(RECORDS FOR THE TASK)

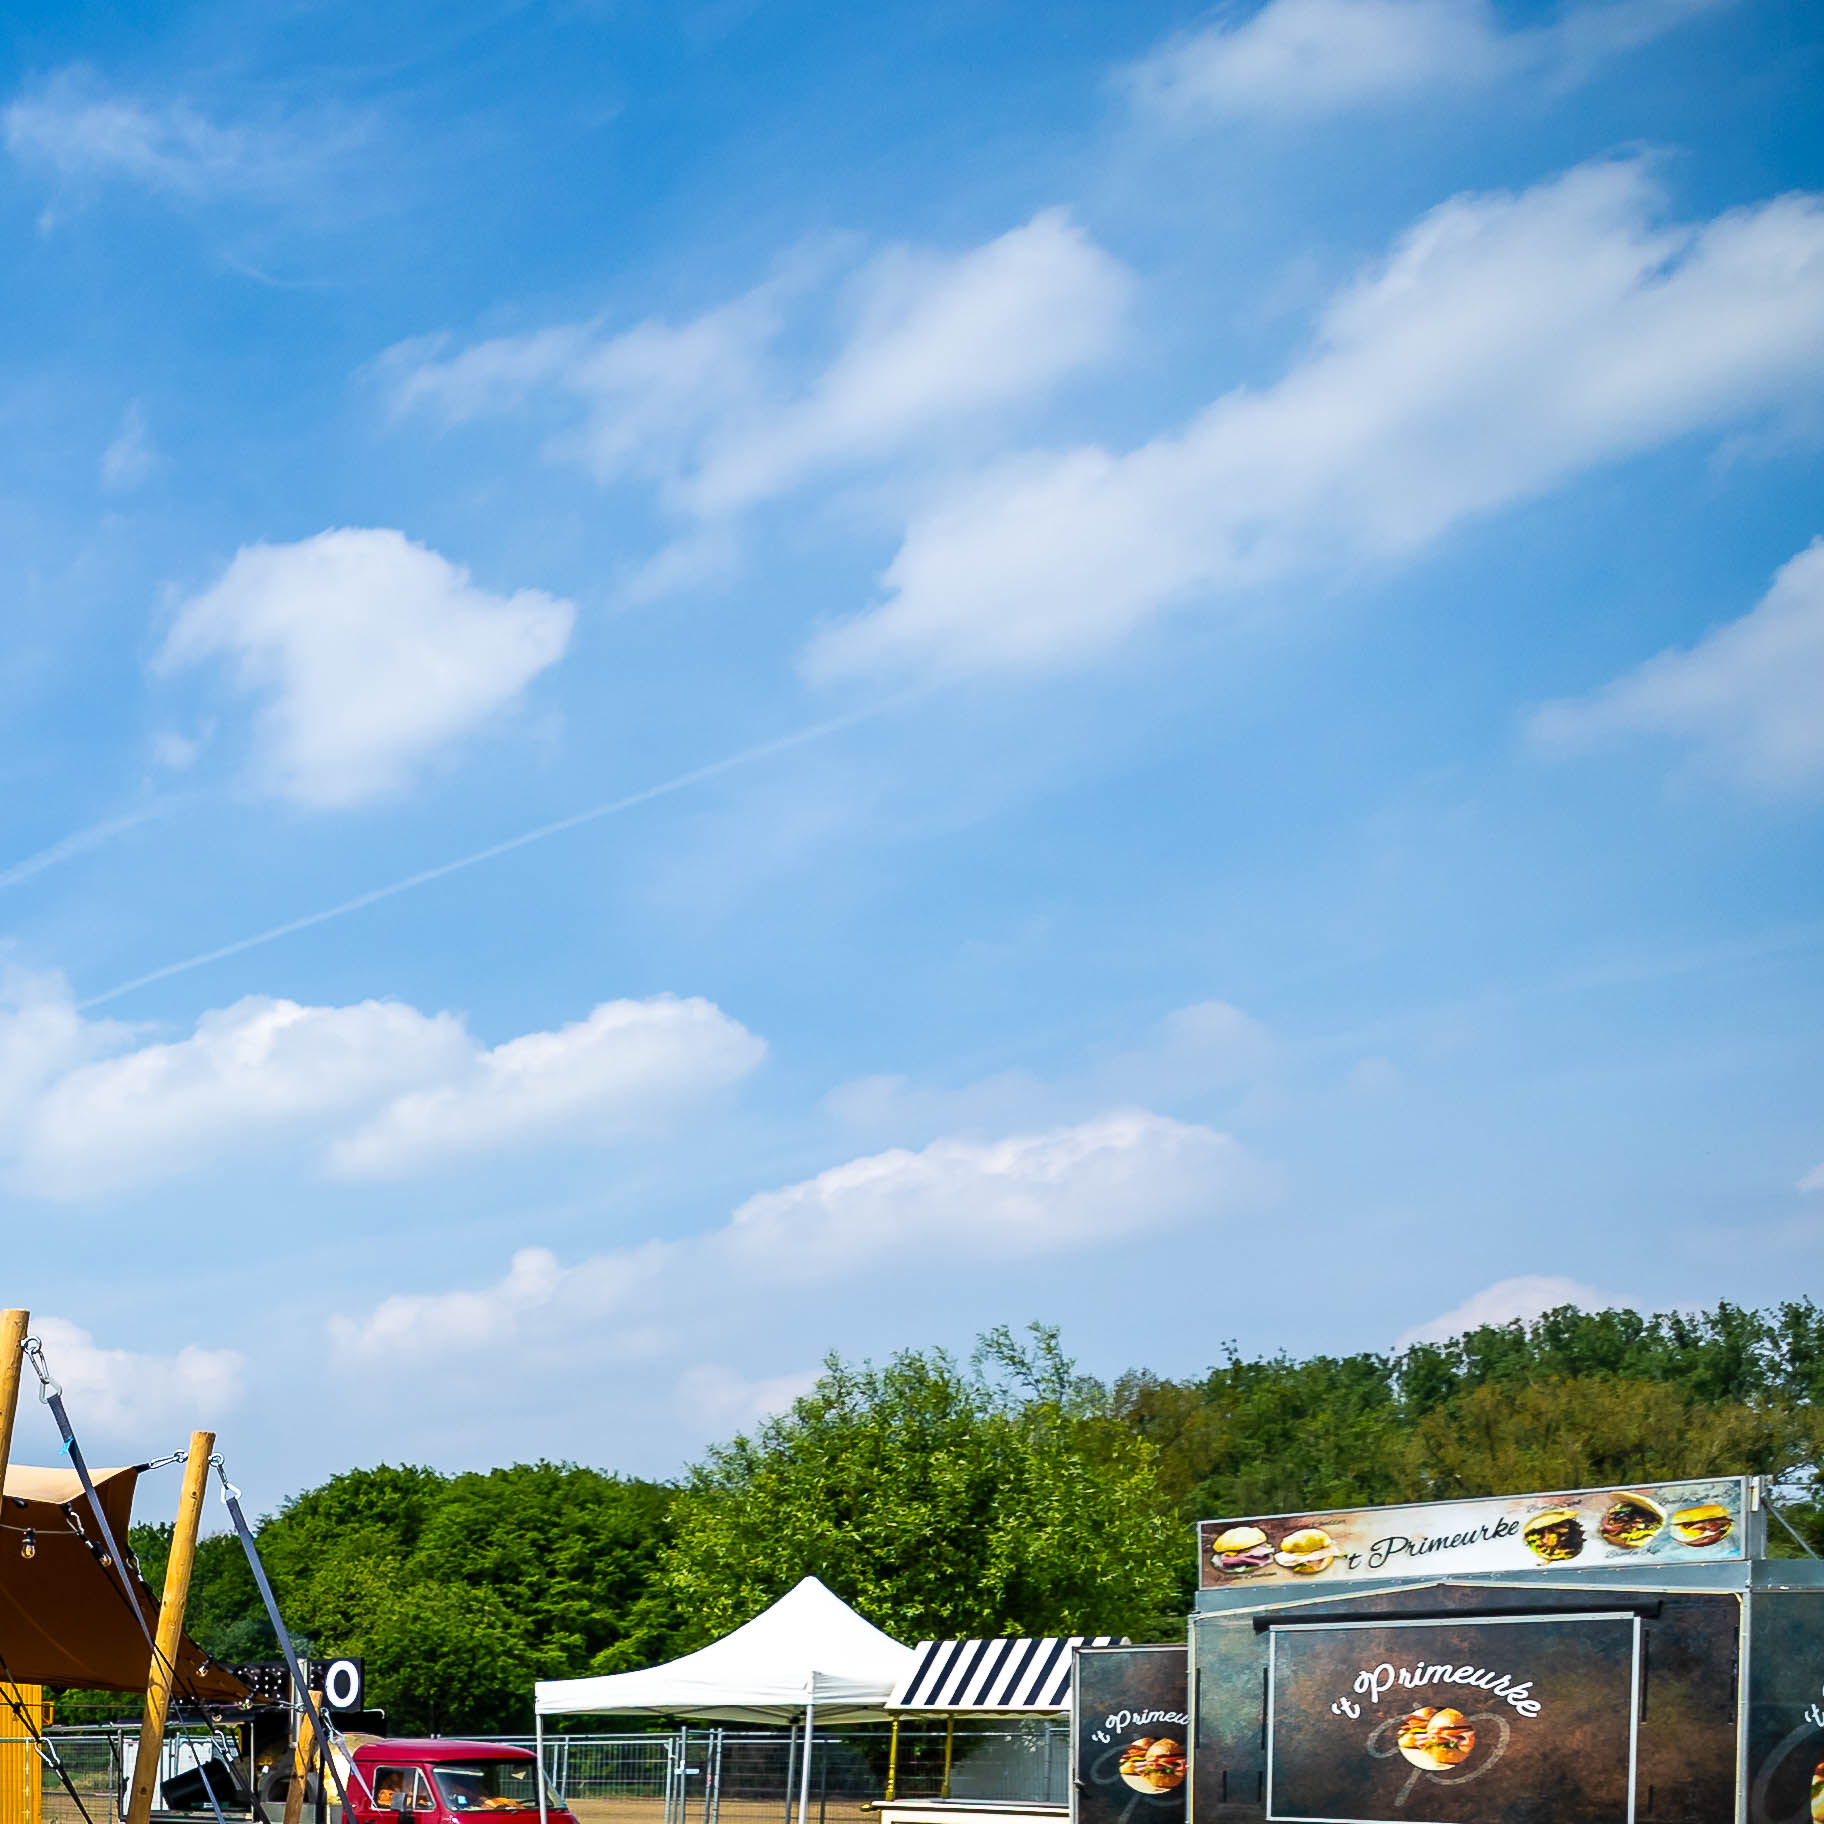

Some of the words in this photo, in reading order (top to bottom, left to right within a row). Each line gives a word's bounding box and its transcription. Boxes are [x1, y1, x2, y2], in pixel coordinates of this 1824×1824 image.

[1368, 1517, 1520, 1569] Primeurke
[1353, 1661, 1542, 1718] Primeurke
[1105, 1708, 1191, 1734] Primeu
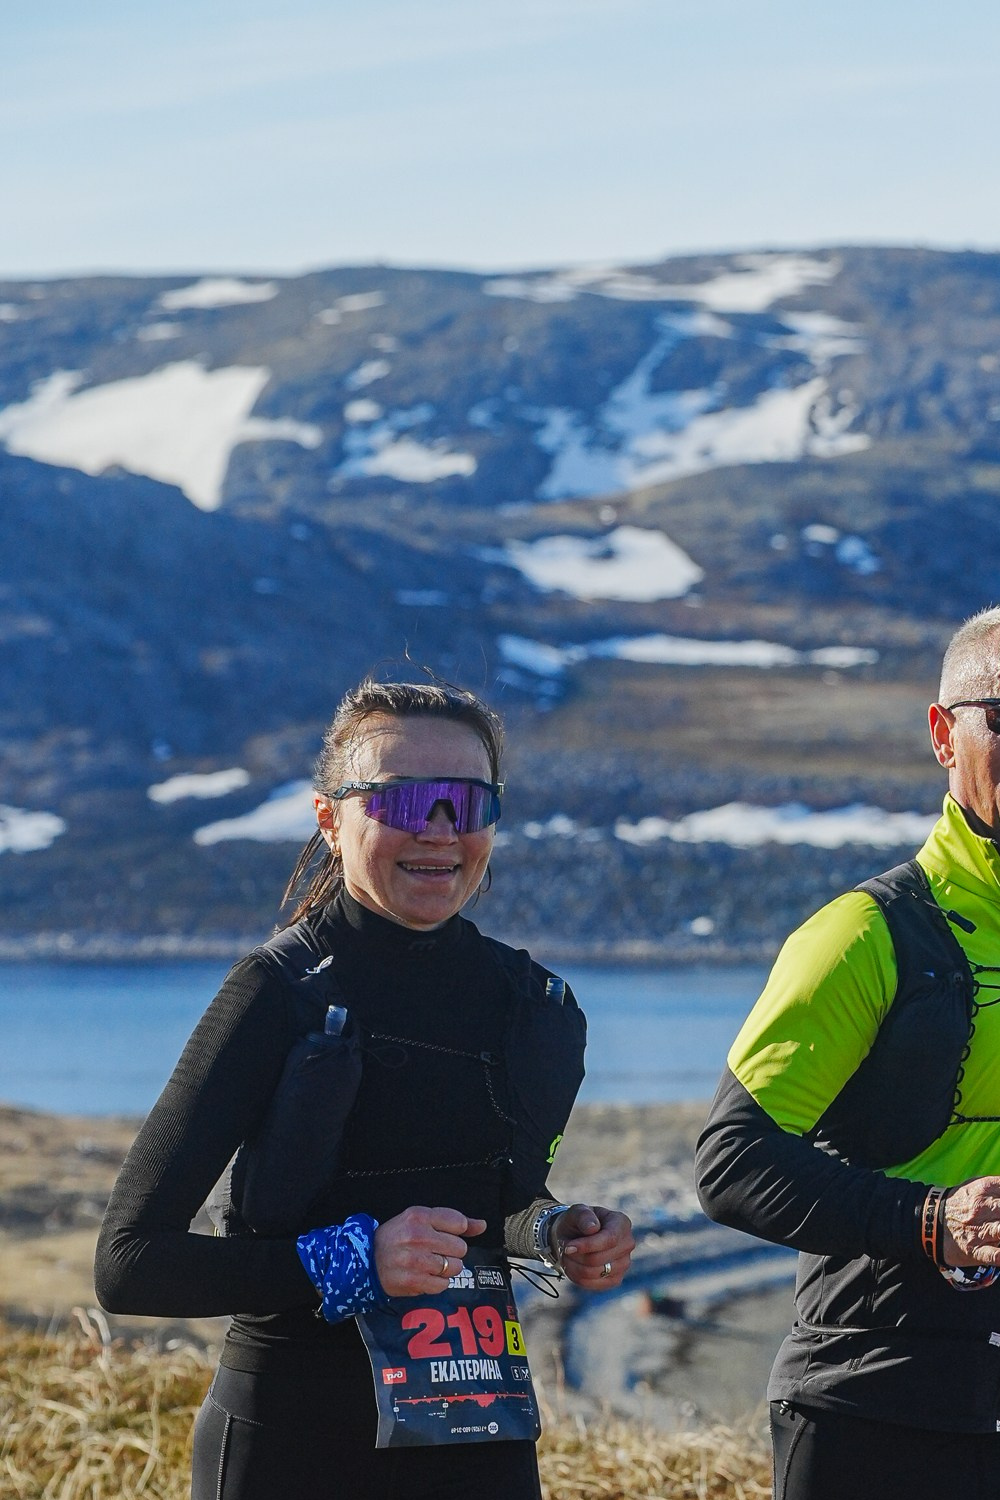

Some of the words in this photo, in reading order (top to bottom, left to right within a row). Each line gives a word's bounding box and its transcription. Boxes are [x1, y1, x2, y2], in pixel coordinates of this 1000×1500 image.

[491, 1270, 504, 1286] 50
[401, 1305, 505, 1360] 219
[512, 1327, 520, 1351] 3
[429, 1359, 503, 1383] ЕКАТЕРИНА
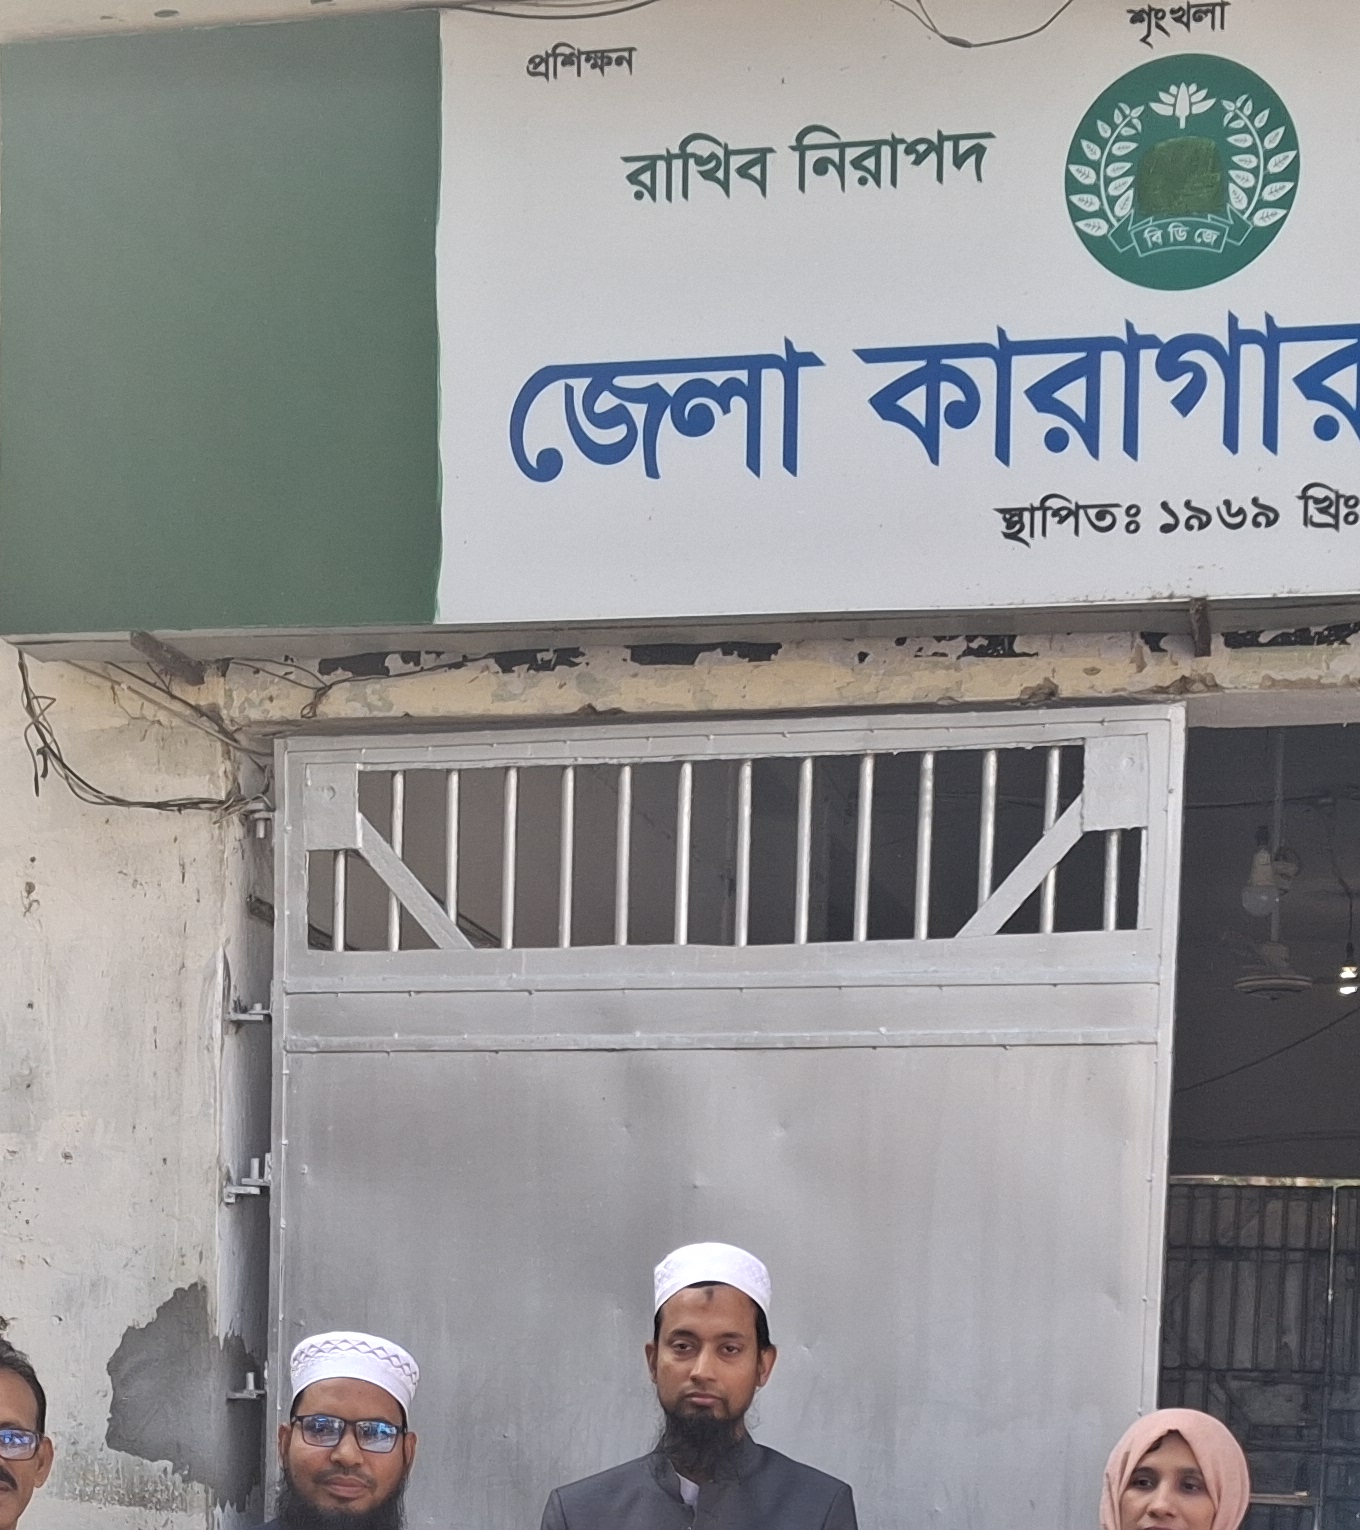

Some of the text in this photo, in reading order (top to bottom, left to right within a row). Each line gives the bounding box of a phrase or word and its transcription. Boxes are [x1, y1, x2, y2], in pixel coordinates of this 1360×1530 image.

[1126, 0, 1231, 49] শৃংখলা
[526, 41, 638, 82] প্রশিক্ষন
[621, 124, 996, 203] রাখিব নিরাপদ
[1143, 226, 1163, 249] বি
[1167, 222, 1190, 243] ডি
[509, 336, 826, 483] জেলা
[993, 481, 1360, 548] স্থাপিতঃ ১৯৬৯ খ্রিঃ

(End RECORDS FOR THE TASK)

In your copy, include every record word for word but no pictures.

▶ _FINAL ANSWER_:
Some of the words in this photo, in reading order (top to bottom, left to right within a row). Each line gives a word's bounding box and its transcription. Boxes are [x1, y1, x2, y2], in pixel coordinates of this 1824×1824 image.

[1368, 1517, 1520, 1569] Primeurke
[1353, 1661, 1542, 1718] Primeurke
[1105, 1708, 1191, 1734] Primeu

Some of the words in this photo, in reading order (top to bottom, left to right within a row). Each line gives a word's bounding box and its transcription. Boxes are [x1, y1, x2, y2], in pixel coordinates of this 1000×1500 image.

[491, 1270, 504, 1286] 50
[401, 1305, 505, 1360] 219
[512, 1327, 520, 1351] 3
[429, 1359, 503, 1383] ЕКАТЕРИНА

Some of the text in this photo, in reading order (top to bottom, left to right within a row). Each line gives the bounding box of a phrase or word and its transcription. Boxes are [x1, y1, x2, y2], in pixel coordinates of this 1360×1530 image.

[1126, 0, 1231, 49] শৃংখলা
[526, 41, 638, 82] প্রশিক্ষন
[621, 124, 996, 203] রাখিব নিরাপদ
[1143, 226, 1163, 249] বি
[1167, 222, 1190, 243] ডি
[509, 336, 826, 483] জেলা
[993, 481, 1360, 548] স্থাপিতঃ ১৯৬৯ খ্রিঃ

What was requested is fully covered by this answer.